### Task data
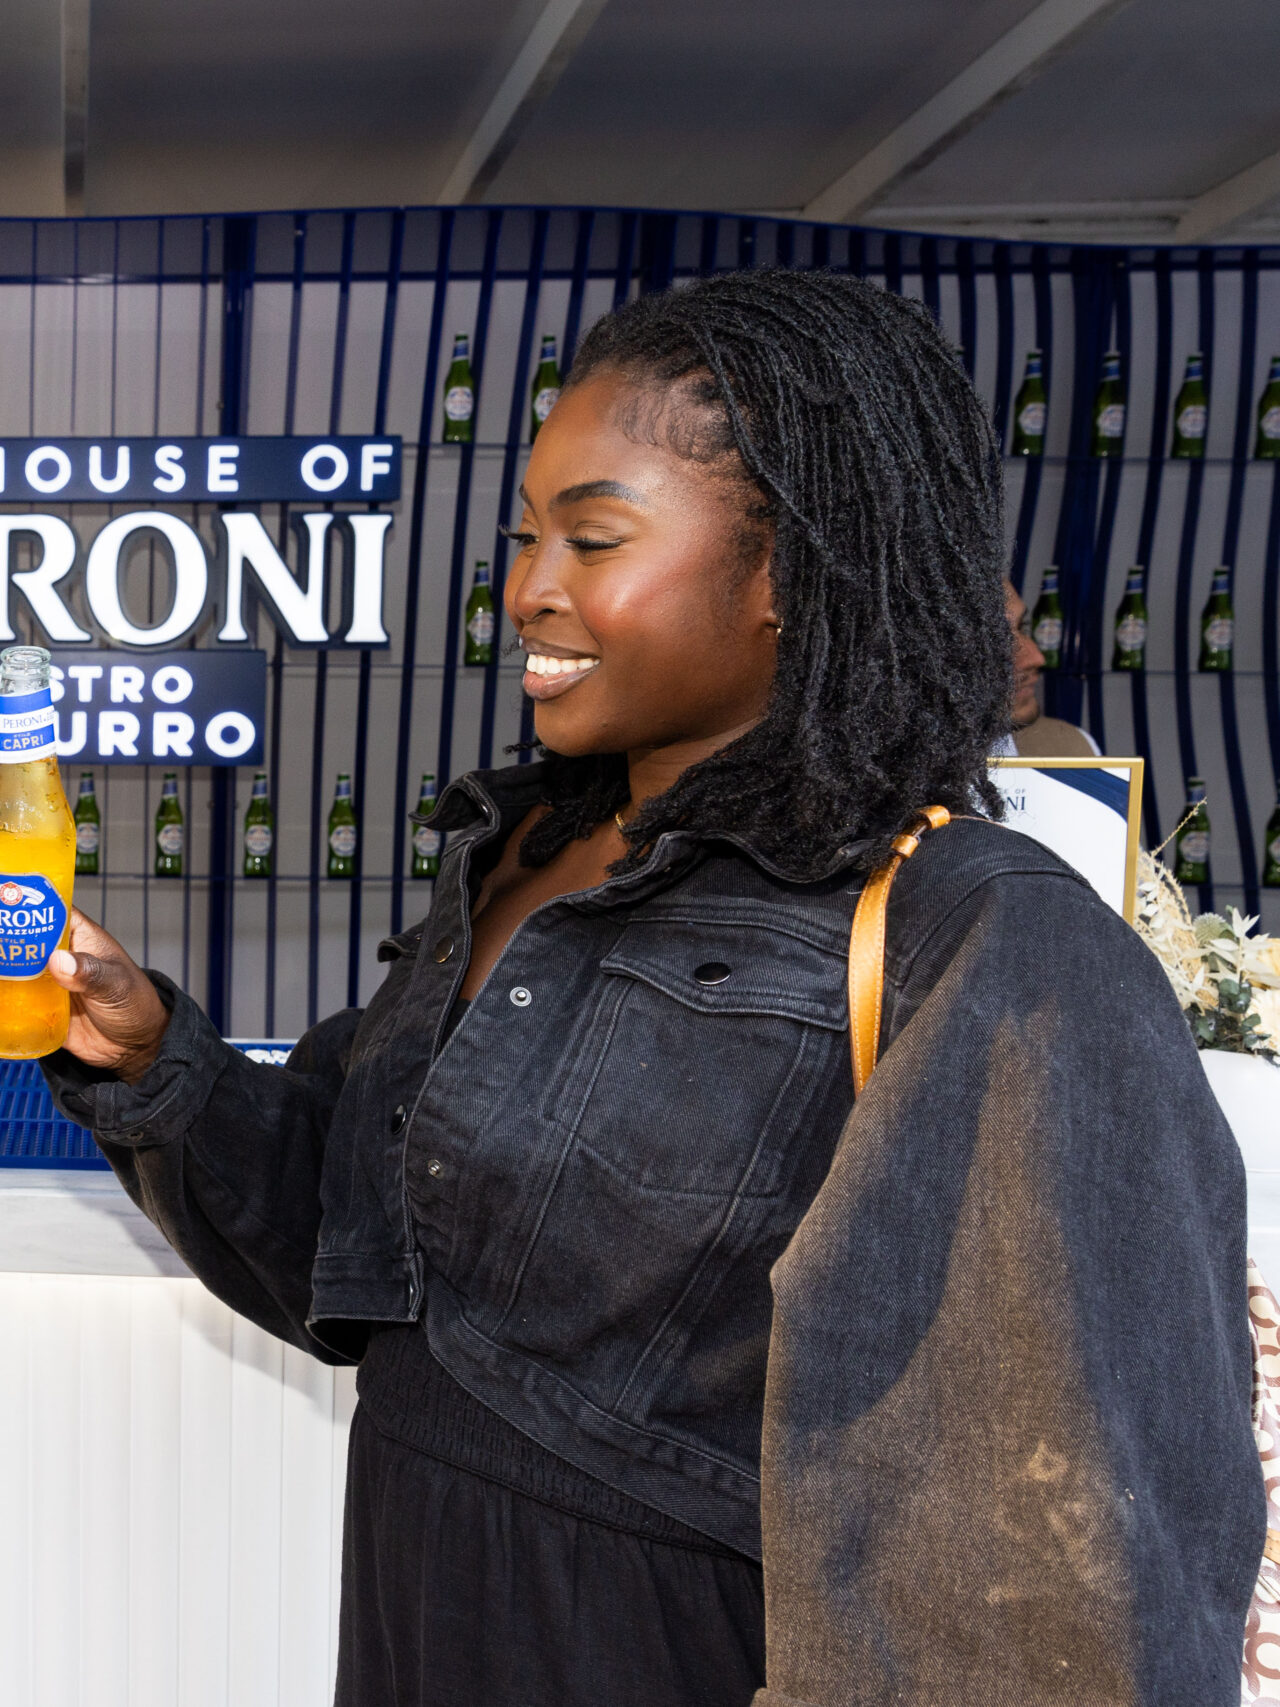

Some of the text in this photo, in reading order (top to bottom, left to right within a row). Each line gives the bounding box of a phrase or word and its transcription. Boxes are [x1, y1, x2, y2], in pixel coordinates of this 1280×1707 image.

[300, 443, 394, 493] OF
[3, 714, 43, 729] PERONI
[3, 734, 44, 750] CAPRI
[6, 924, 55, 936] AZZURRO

### Required action
Each entry should be set down exactly, pictures excluded.

### Result of the task
Some of the text in this photo, in reading order (top to bottom, left to right within a row). Each line gives the bounding box of a phrase or word and its transcription. Boxes are [x1, y1, x2, y2], in pixel coordinates of this 1280×1707 image.

[300, 443, 394, 493] OF
[3, 714, 43, 729] PERONI
[3, 734, 44, 750] CAPRI
[6, 924, 55, 936] AZZURRO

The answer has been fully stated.